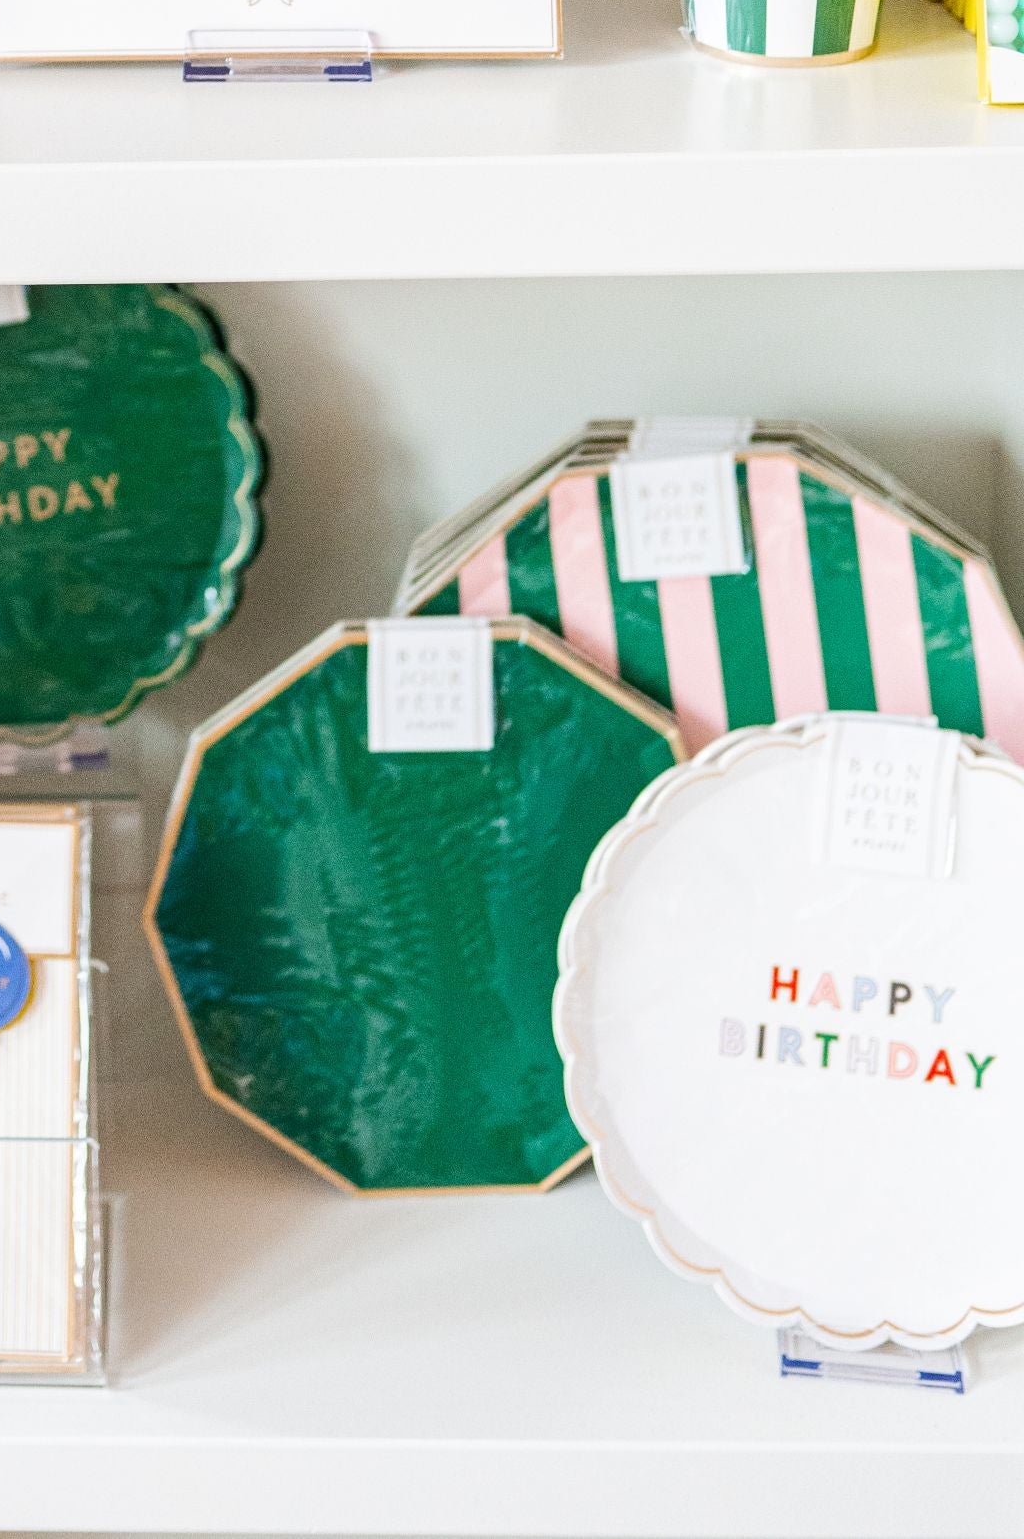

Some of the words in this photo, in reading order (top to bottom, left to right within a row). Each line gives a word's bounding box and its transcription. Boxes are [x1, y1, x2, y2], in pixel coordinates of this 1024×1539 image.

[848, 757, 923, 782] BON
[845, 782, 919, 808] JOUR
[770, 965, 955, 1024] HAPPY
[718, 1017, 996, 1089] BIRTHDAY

※

Aim of the task:
Exclude all images and restate the records above word for word.

Your solution:
Some of the words in this photo, in reading order (top to bottom, left to right within a row). Each line gives a word's bounding box and its transcription. Boxes are [x1, y1, x2, y2], in pixel coordinates of this 1024×1539 image.

[848, 757, 923, 782] BON
[845, 782, 919, 808] JOUR
[770, 965, 955, 1024] HAPPY
[718, 1017, 996, 1089] BIRTHDAY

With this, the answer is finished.